▸ **Task goal**:
The required output is the exact run of lines from the one that contains "this 1280×960 image." to the end of the data, with every picture left out.
BEGIN Recorded information
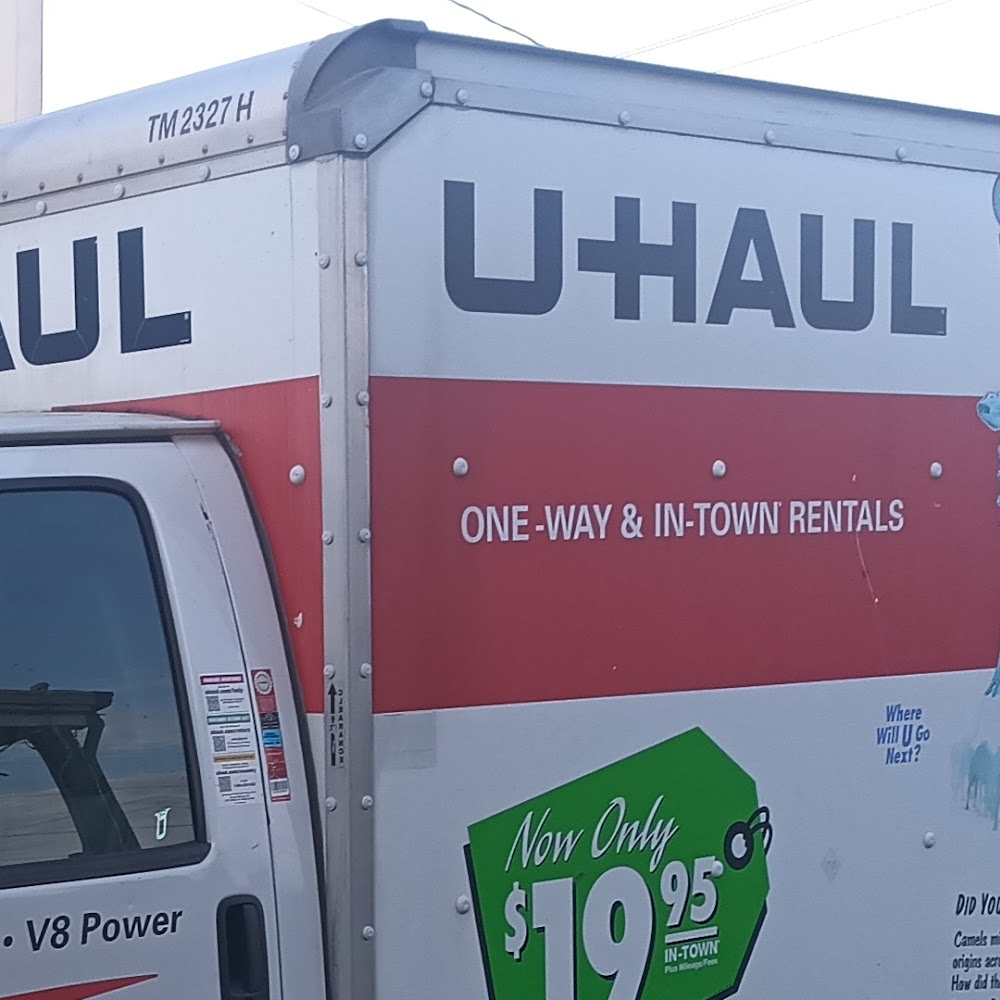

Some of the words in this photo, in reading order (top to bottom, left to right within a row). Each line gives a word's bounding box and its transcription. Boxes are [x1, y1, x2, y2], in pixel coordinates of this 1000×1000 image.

[148, 109, 179, 143] TM
[180, 95, 232, 135] 2327
[236, 90, 255, 122] H
[444, 180, 947, 336] U-HAUL
[620, 503, 644, 540] &
[655, 500, 782, 538] IN-TOWN
[789, 498, 905, 535] RENTALS
[886, 703, 922, 722] Where
[876, 725, 900, 745] Will
[902, 724, 913, 747] U
[916, 725, 930, 742] Go
[885, 744, 921, 765] Next?
[505, 807, 584, 872] Now
[591, 795, 680, 873] Only
[27, 914, 71, 952] V8
[81, 910, 183, 945] Power
[954, 930, 987, 948] Camels
[665, 940, 720, 963] IN-TOWN
[952, 953, 982, 973] origins
[951, 974, 971, 991] How
[974, 973, 988, 990] did
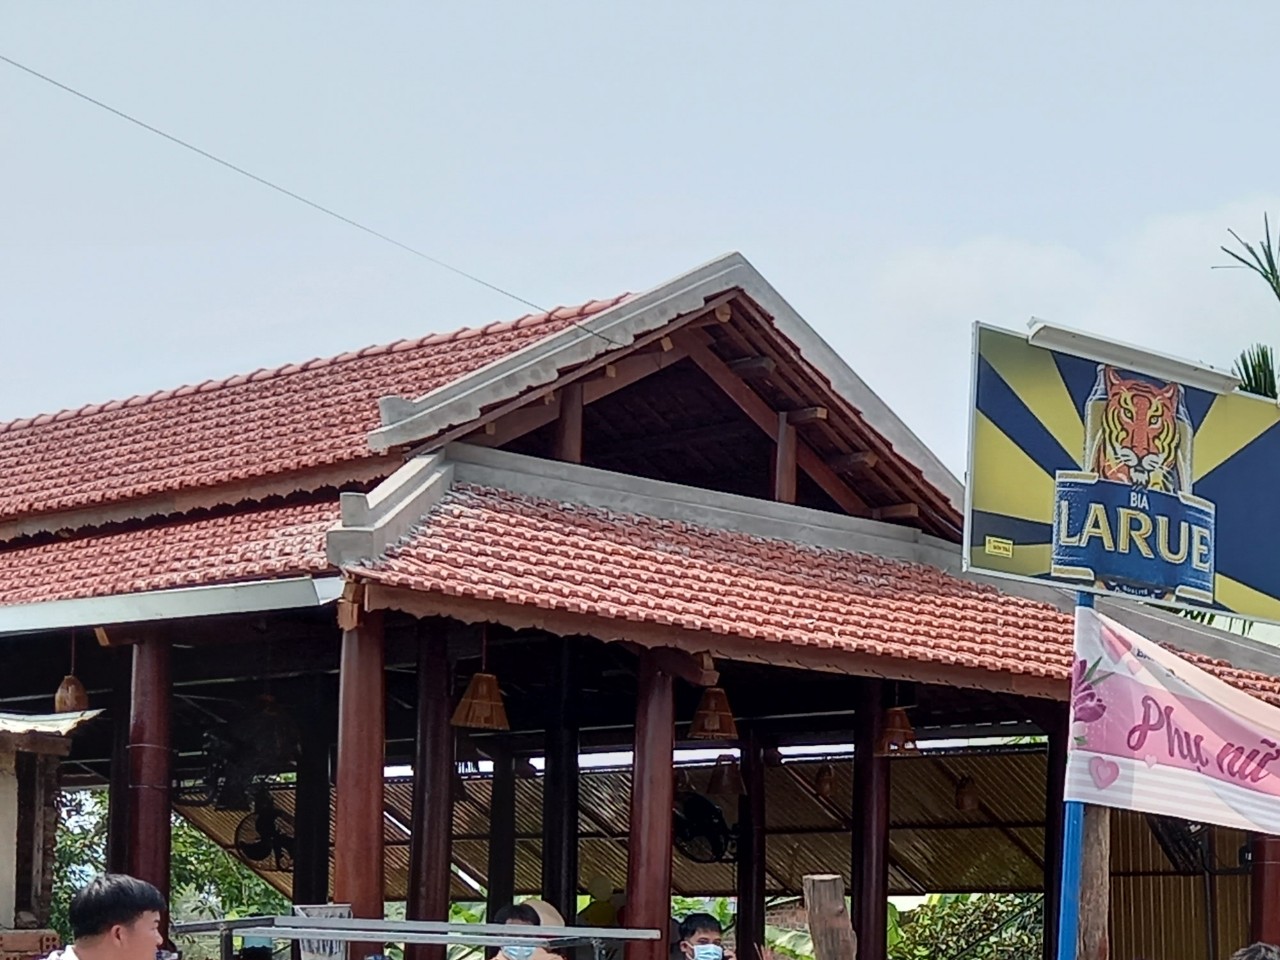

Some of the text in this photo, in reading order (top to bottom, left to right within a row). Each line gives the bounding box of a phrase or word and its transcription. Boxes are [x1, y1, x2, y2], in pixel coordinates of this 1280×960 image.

[1059, 500, 1212, 572] LARUE
[1130, 492, 1149, 510] BIA
[1127, 695, 1209, 773] Phụ
[1216, 740, 1280, 785] nữ
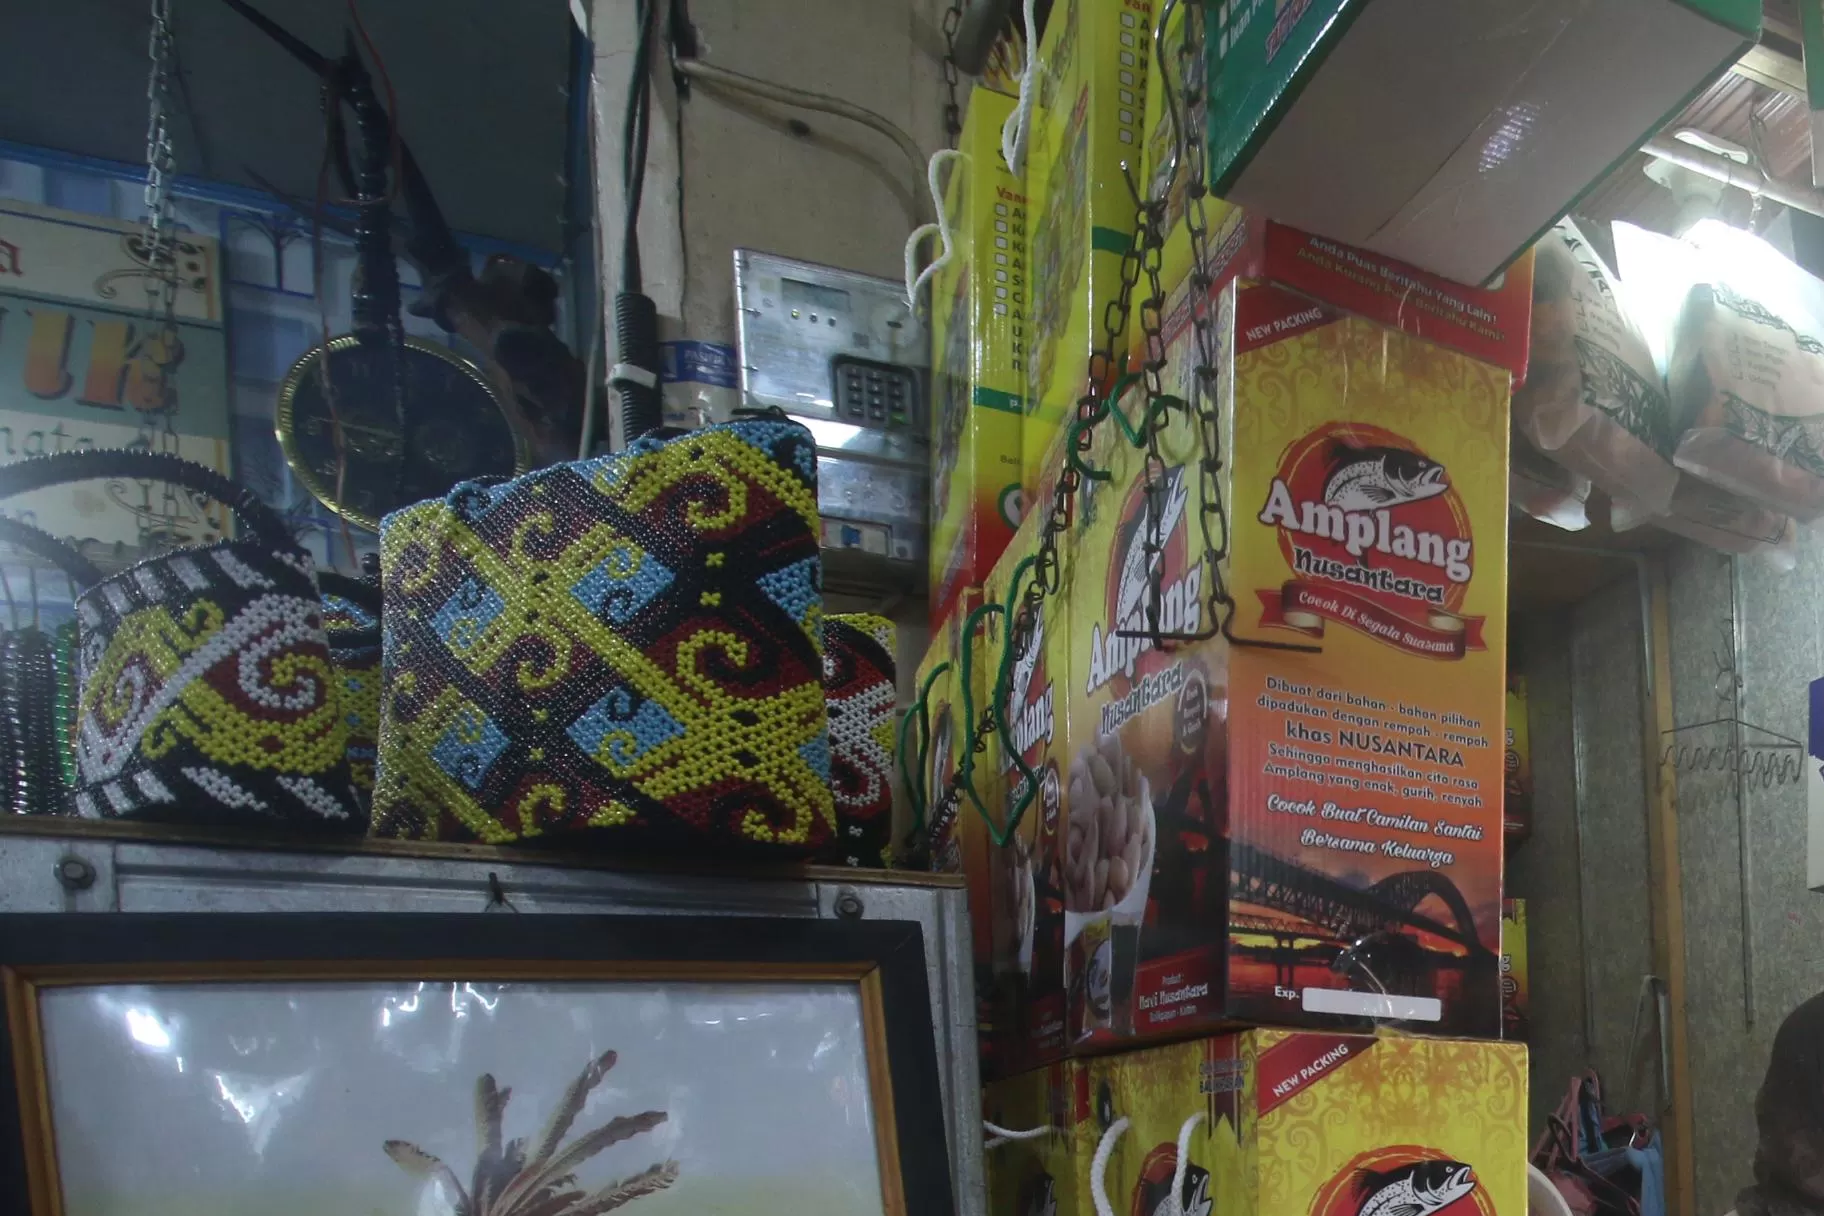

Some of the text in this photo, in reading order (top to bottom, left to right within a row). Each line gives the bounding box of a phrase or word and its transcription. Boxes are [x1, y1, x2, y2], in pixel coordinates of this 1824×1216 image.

[1297, 248, 1332, 271] Anda
[1334, 262, 1381, 291] Kurang
[1309, 237, 1344, 260] Anda
[1346, 250, 1377, 273] Puas
[1380, 265, 1436, 297] Beritahu
[1436, 288, 1466, 313] Yang
[1245, 307, 1323, 342] NEW PACKING
[1258, 476, 1472, 583] Amplang
[1293, 546, 1446, 604] Nusantara
[1299, 591, 1456, 653] Cocok Di Segala Suasana
[1257, 696, 1489, 749] dipadukan dengan rempah rempah
[1267, 676, 1482, 731] Dibuat dari bahan bahan pilihan
[1269, 743, 1479, 790] Sehingga menghasilkan cita rasa
[1286, 720, 1465, 768] khas NUSANTARA
[1264, 762, 1483, 809] Amplang yang enak, gurih, renyah
[1267, 793, 1485, 842] Cocok Buat Camilan Santai
[1301, 827, 1455, 869] Bersama Keluarga
[1274, 985, 1300, 1001] Exp.
[1272, 1074, 1300, 1098] NEW
[1299, 1043, 1349, 1080] PACKING
END Recorded information
▸ **Your response**:
Some of the text in this photo, in reading order (top to bottom, left to right within a row). Each line gives the bounding box of a phrase or word and its transcription. Boxes are [x1, y1, x2, y2], in pixel coordinates of this 1280×960 image.

[1059, 500, 1212, 572] LARUE
[1130, 492, 1149, 510] BIA
[1127, 695, 1209, 773] Phụ
[1216, 740, 1280, 785] nữ

Some of the text in this photo, in reading order (top to bottom, left to right within a row). Each line gives the bounding box of a phrase or word and its transcription. Boxes are [x1, y1, x2, y2], in pixel coordinates of this 1824×1216 image.

[1297, 248, 1332, 271] Anda
[1334, 262, 1381, 291] Kurang
[1309, 237, 1344, 260] Anda
[1346, 250, 1377, 273] Puas
[1380, 265, 1436, 297] Beritahu
[1436, 288, 1466, 313] Yang
[1245, 307, 1323, 342] NEW PACKING
[1258, 476, 1472, 583] Amplang
[1293, 546, 1446, 604] Nusantara
[1299, 591, 1456, 653] Cocok Di Segala Suasana
[1257, 696, 1489, 749] dipadukan dengan rempah rempah
[1267, 676, 1482, 731] Dibuat dari bahan bahan pilihan
[1269, 743, 1479, 790] Sehingga menghasilkan cita rasa
[1286, 720, 1465, 768] khas NUSANTARA
[1264, 762, 1483, 809] Amplang yang enak, gurih, renyah
[1267, 793, 1485, 842] Cocok Buat Camilan Santai
[1301, 827, 1455, 869] Bersama Keluarga
[1274, 985, 1300, 1001] Exp.
[1272, 1074, 1300, 1098] NEW
[1299, 1043, 1349, 1080] PACKING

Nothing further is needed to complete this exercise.